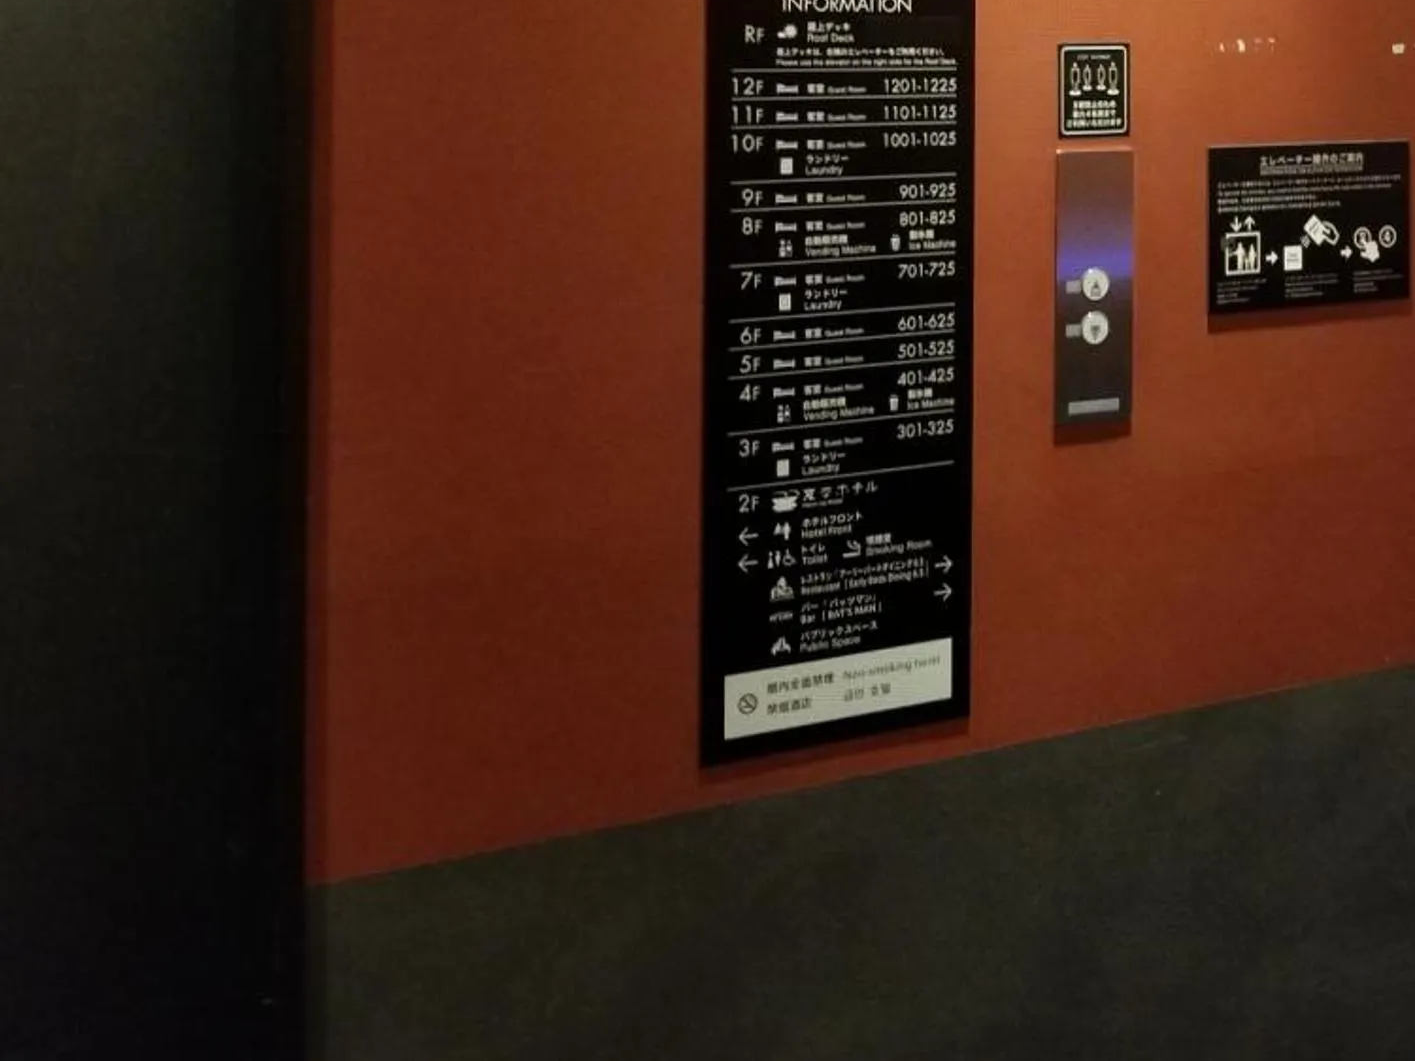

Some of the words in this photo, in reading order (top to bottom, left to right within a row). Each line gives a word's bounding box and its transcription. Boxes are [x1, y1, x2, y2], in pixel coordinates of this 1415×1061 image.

[744, 24, 765, 43] RF
[732, 77, 764, 96] 12F
[884, 77, 957, 93] 1201-1225
[732, 105, 764, 124] 11F
[883, 105, 957, 120] 1101-1125
[732, 134, 764, 153] 10F
[883, 132, 957, 148] 1001-1025
[805, 165, 843, 177] Laundry
[741, 188, 763, 206] 9F
[899, 183, 956, 200] 901-925
[741, 216, 763, 235] 8F
[899, 209, 956, 226] 801-825
[898, 261, 956, 279] 701-725
[740, 271, 762, 290] 7F
[898, 313, 956, 331] 601-625
[740, 327, 762, 345] 6F
[897, 340, 955, 358] 501-525
[739, 355, 761, 373] 5F
[897, 367, 955, 386] 401-425
[739, 384, 760, 401] 4F
[897, 419, 954, 439] 301-325
[739, 439, 760, 457] 3F
[738, 494, 760, 513] 2F
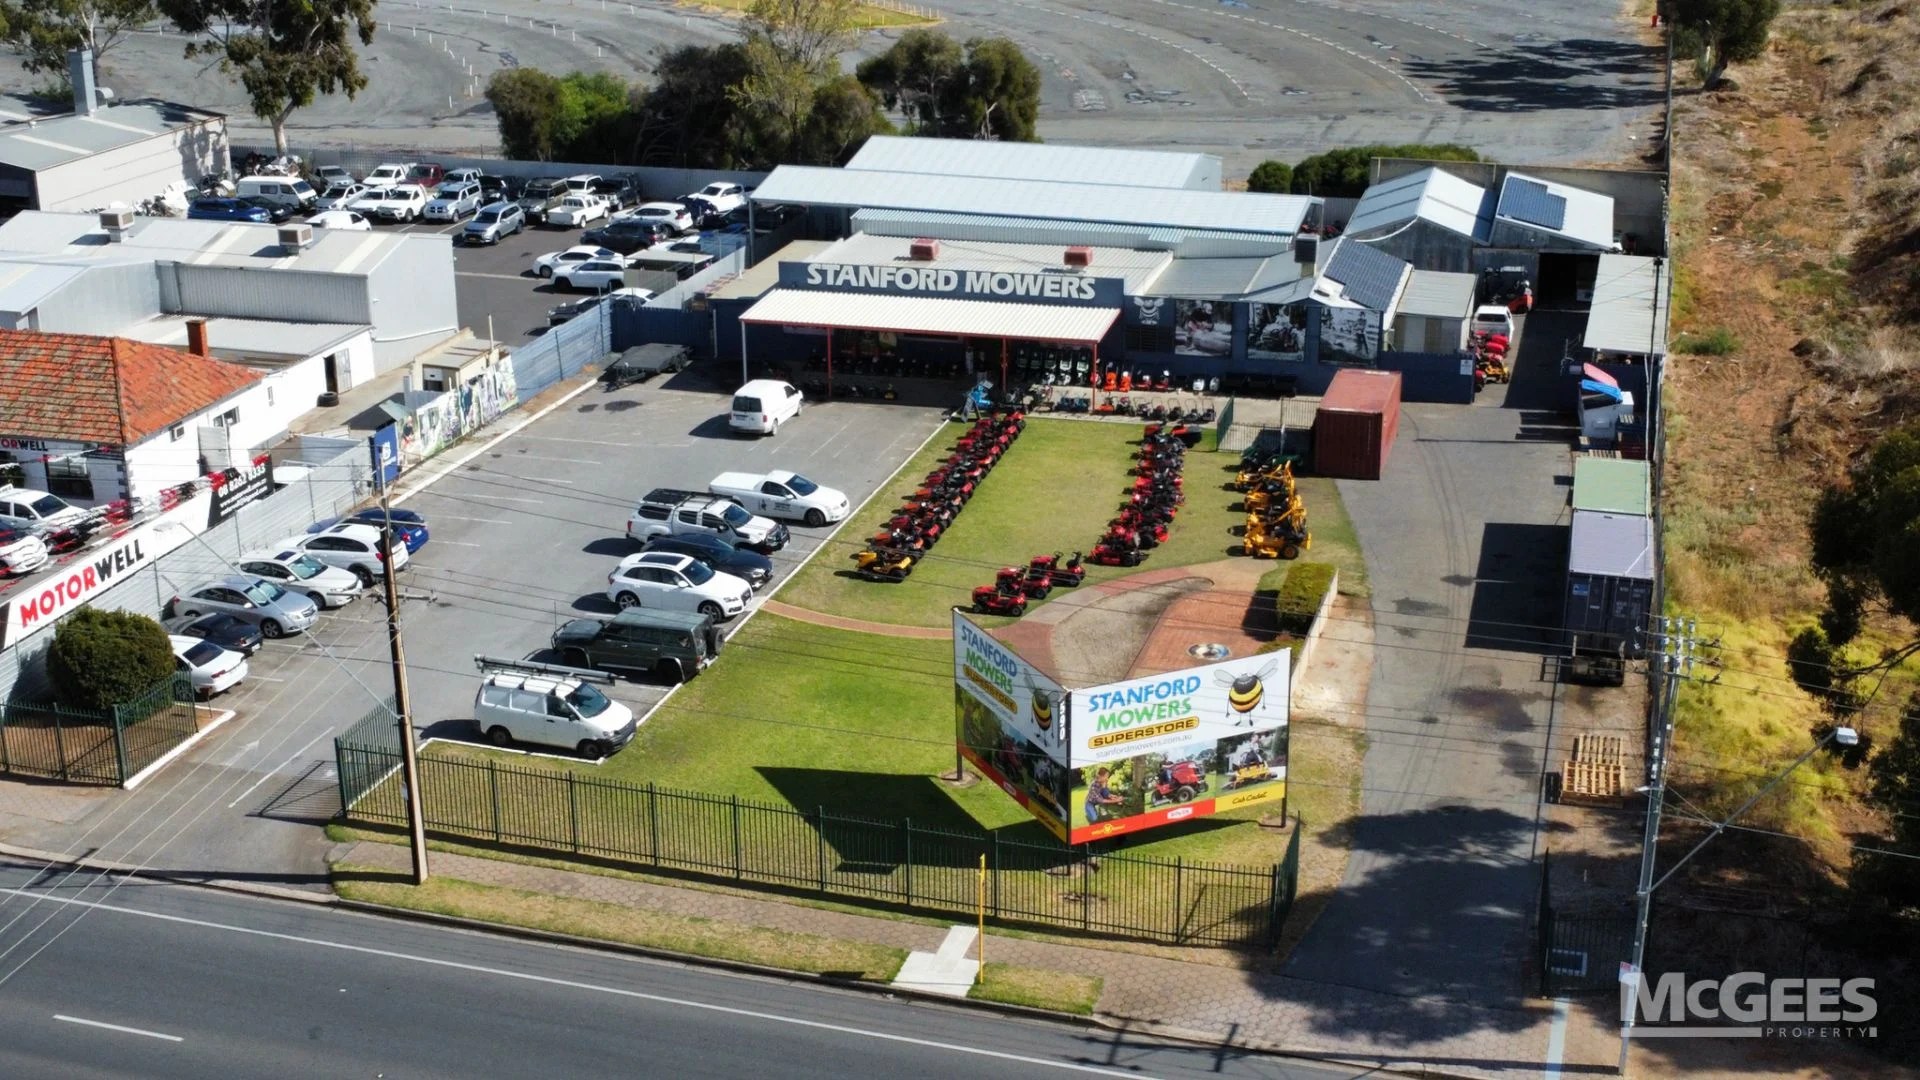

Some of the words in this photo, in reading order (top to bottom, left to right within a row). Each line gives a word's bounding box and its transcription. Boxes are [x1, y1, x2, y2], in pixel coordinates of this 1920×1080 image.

> _TASK GOAL_
Restate the listing above word for word, and skip the pictures.

> _EXERCISE RESPONSE_
Some of the words in this photo, in reading order (top to bottom, left to right within a row). Each line gives a word's bounding box and its transcription. Boxes are [x1, y1, x2, y2], in pixel coordinates of this 1415×1061 image.

[744, 24, 765, 43] RF
[732, 77, 764, 96] 12F
[884, 77, 957, 93] 1201-1225
[732, 105, 764, 124] 11F
[883, 105, 957, 120] 1101-1125
[732, 134, 764, 153] 10F
[883, 132, 957, 148] 1001-1025
[805, 165, 843, 177] Laundry
[741, 188, 763, 206] 9F
[899, 183, 956, 200] 901-925
[741, 216, 763, 235] 8F
[899, 209, 956, 226] 801-825
[898, 261, 956, 279] 701-725
[740, 271, 762, 290] 7F
[898, 313, 956, 331] 601-625
[740, 327, 762, 345] 6F
[897, 340, 955, 358] 501-525
[739, 355, 761, 373] 5F
[897, 367, 955, 386] 401-425
[739, 384, 760, 401] 4F
[897, 419, 954, 439] 301-325
[739, 439, 760, 457] 3F
[738, 494, 760, 513] 2F

Some of the words in this photo, in reading order (top to bottom, left to right within a row). Each line gives a word's bounding box and its transcription. Boxes are [x1, y1, x2, y2], in pixel coordinates of this 1920×1080 image.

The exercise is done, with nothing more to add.